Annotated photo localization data
= = =

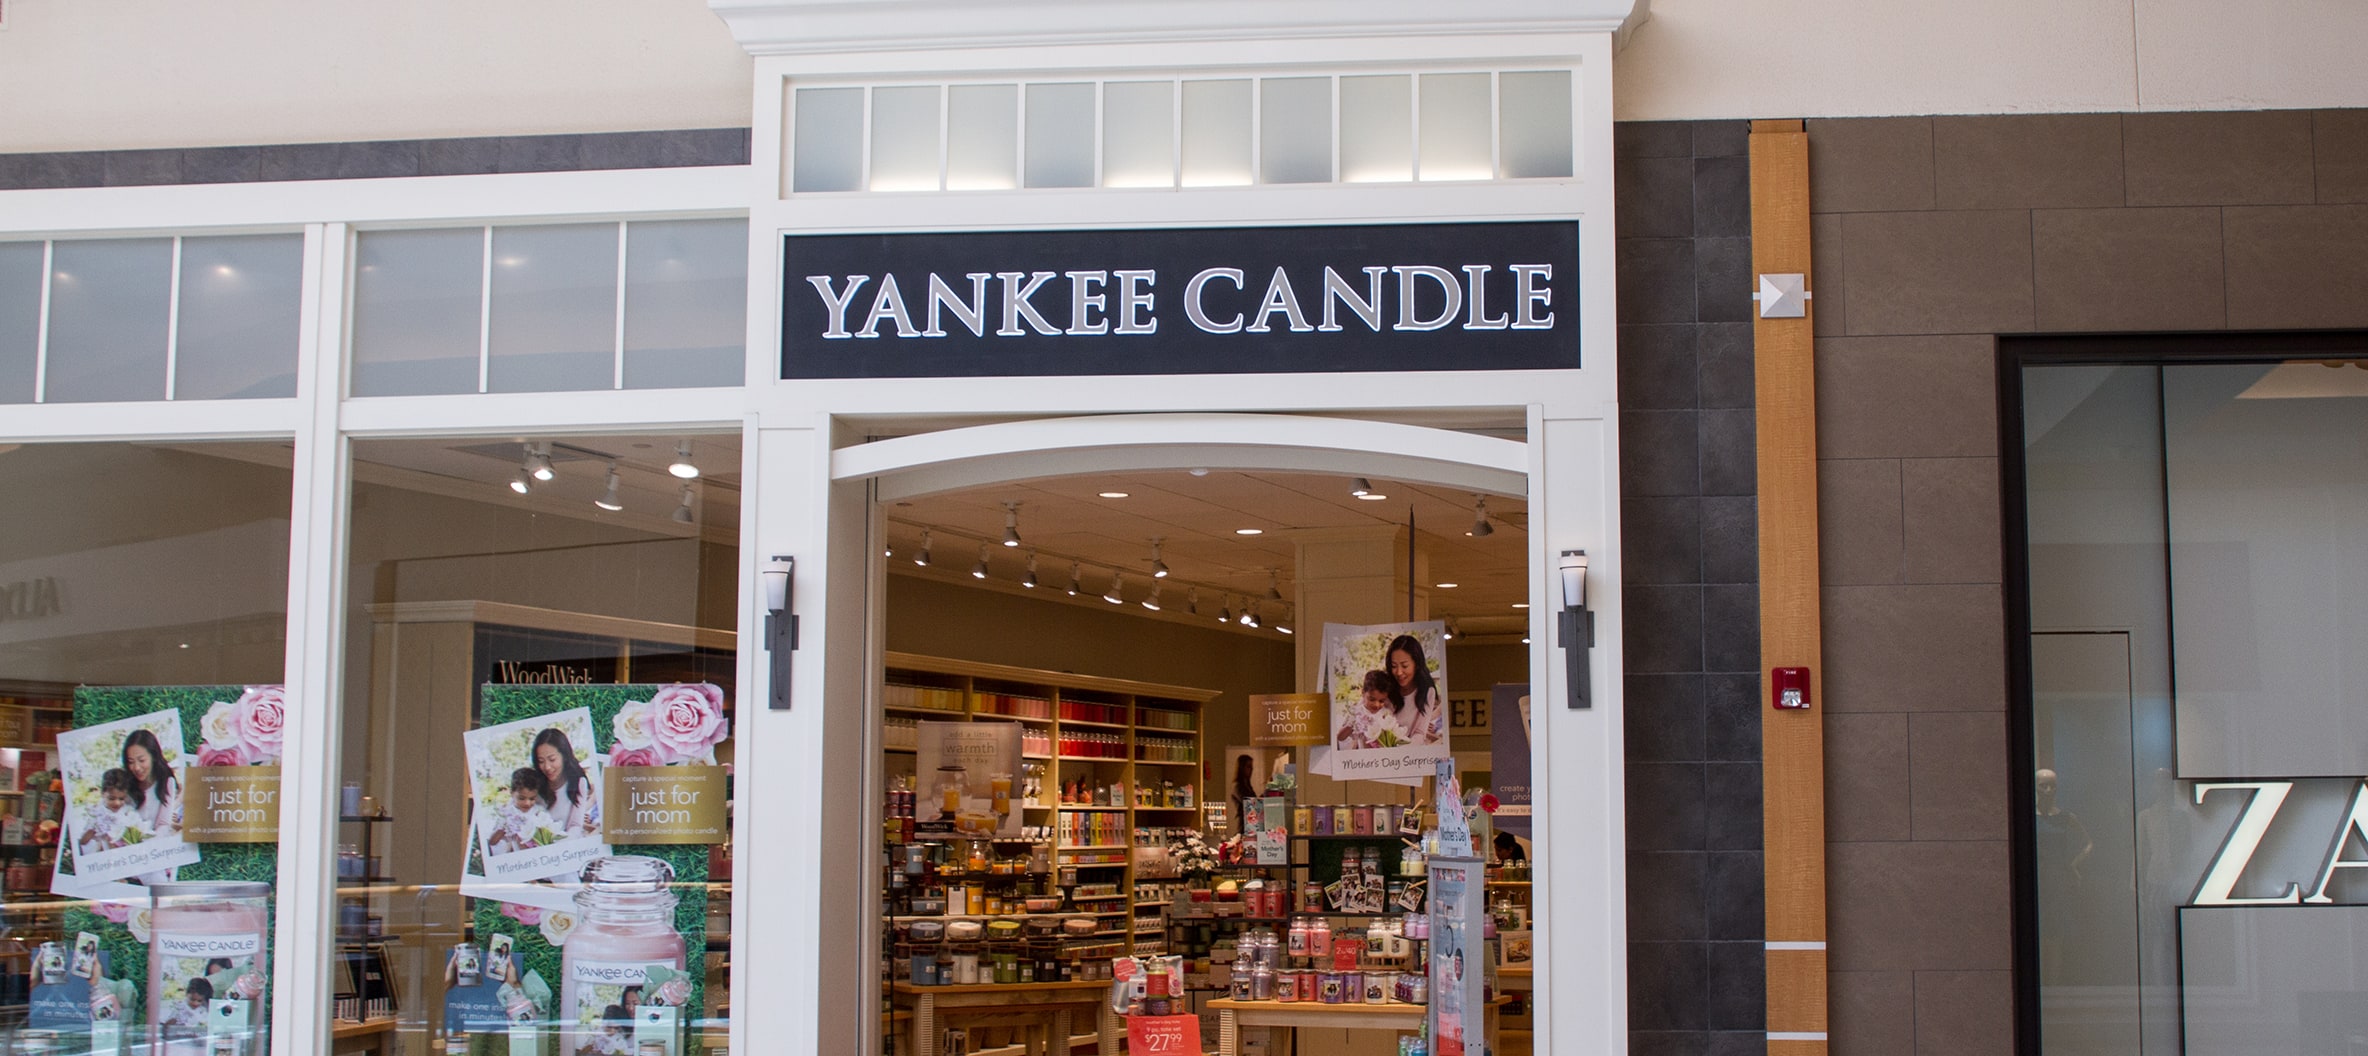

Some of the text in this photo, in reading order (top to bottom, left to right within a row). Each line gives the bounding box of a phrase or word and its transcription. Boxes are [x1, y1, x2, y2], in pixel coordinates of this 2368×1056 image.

[806, 264, 1554, 338] YANKEE CANDLE
[500, 660, 592, 684] WoodWick
[1267, 706, 1312, 724] just for
[1272, 723, 1307, 733] mom
[945, 742, 994, 754] warmth
[1342, 755, 1440, 770] Mother's Day Surprise
[1499, 784, 1525, 792] create
[207, 784, 276, 810] just for
[629, 785, 700, 811] just for
[213, 808, 266, 823] mom
[636, 809, 691, 824] mom
[128, 853, 149, 865] Day
[496, 847, 600, 874] Mother's Day Surprise
[448, 1001, 471, 1011] make
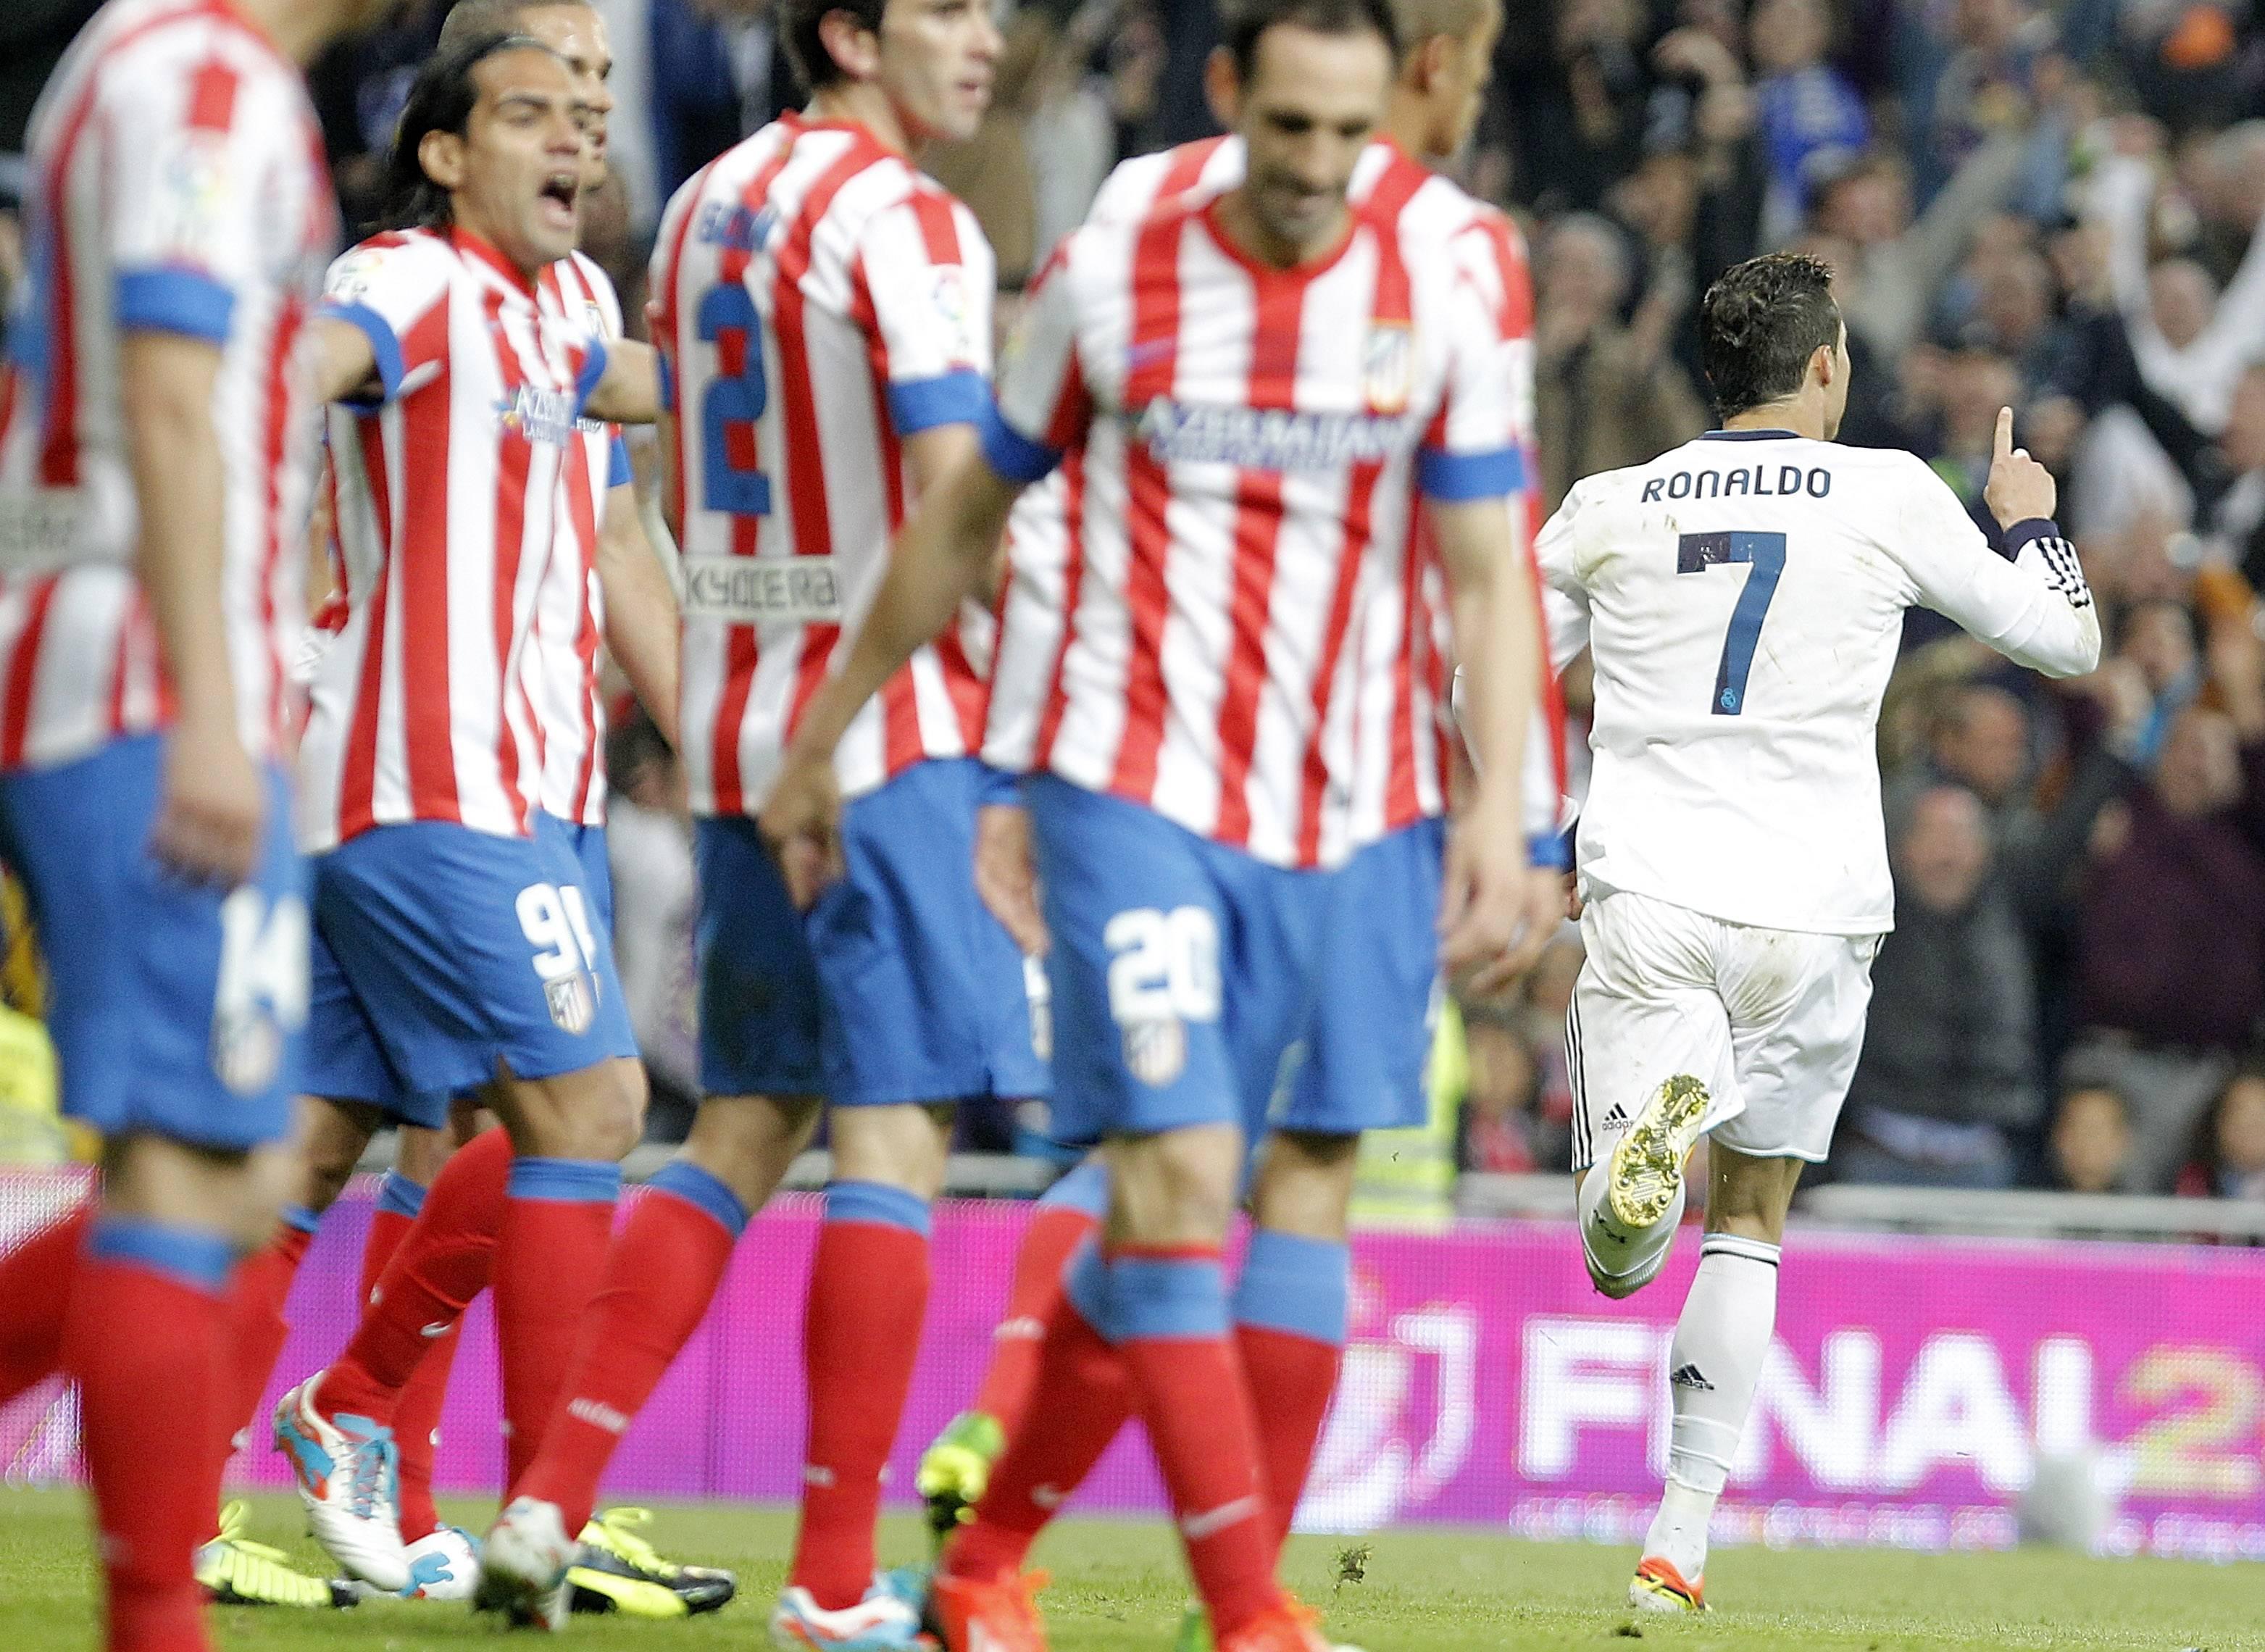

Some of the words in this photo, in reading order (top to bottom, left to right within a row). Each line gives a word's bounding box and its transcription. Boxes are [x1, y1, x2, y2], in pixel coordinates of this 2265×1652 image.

[696, 283, 771, 514] 2
[1641, 464, 1831, 502] RONALDO
[1677, 531, 1787, 715] 7
[1103, 906, 1224, 1022] 20
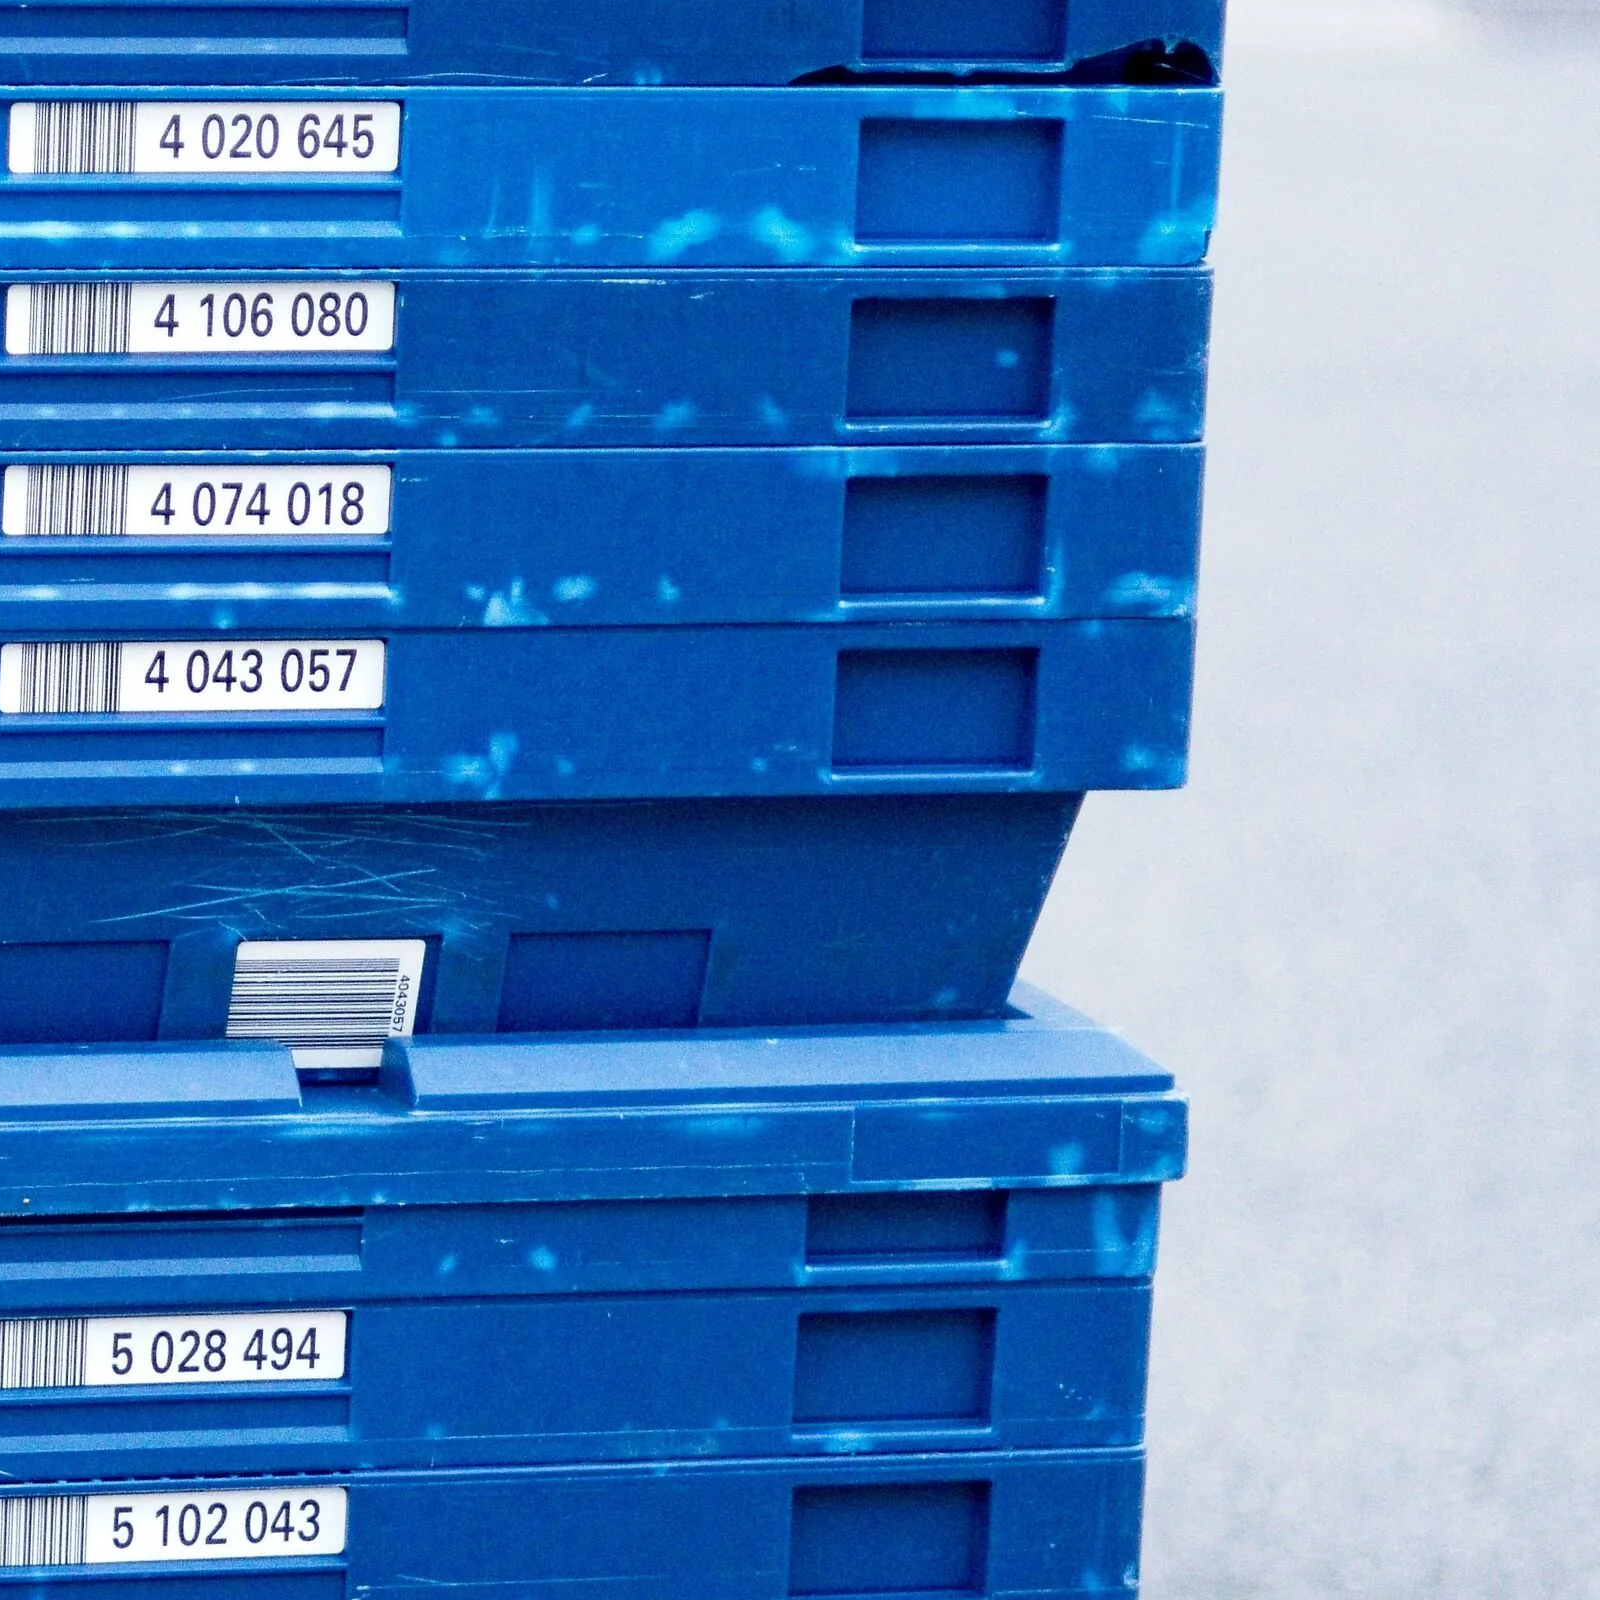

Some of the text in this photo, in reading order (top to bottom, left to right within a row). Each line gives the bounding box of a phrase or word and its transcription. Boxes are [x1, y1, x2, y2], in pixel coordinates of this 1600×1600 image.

[159, 113, 374, 160] 4 020 645
[154, 291, 369, 338] 4 106 080
[150, 481, 365, 527] 4 074 018
[144, 648, 358, 694] 4 043 057
[392, 974, 410, 1033] 4043057
[111, 1327, 320, 1375] 5 028 494
[112, 1498, 320, 1549] 5 102 043

= = =

*ACTION ITEM*. The answer must be the line containing "this 1600×1600 image." and every line after it to the end of the records, repeated exactly.

*ANSWER SECTION*.
Some of the text in this photo, in reading order (top to bottom, left to right within a row). Each line gives the bounding box of a phrase or word and its transcription. Boxes are [x1, y1, x2, y2], in pixel coordinates of this 1600×1600 image.

[159, 113, 374, 160] 4 020 645
[154, 291, 369, 338] 4 106 080
[150, 481, 365, 527] 4 074 018
[144, 648, 358, 694] 4 043 057
[392, 974, 410, 1033] 4043057
[111, 1327, 320, 1375] 5 028 494
[112, 1498, 320, 1549] 5 102 043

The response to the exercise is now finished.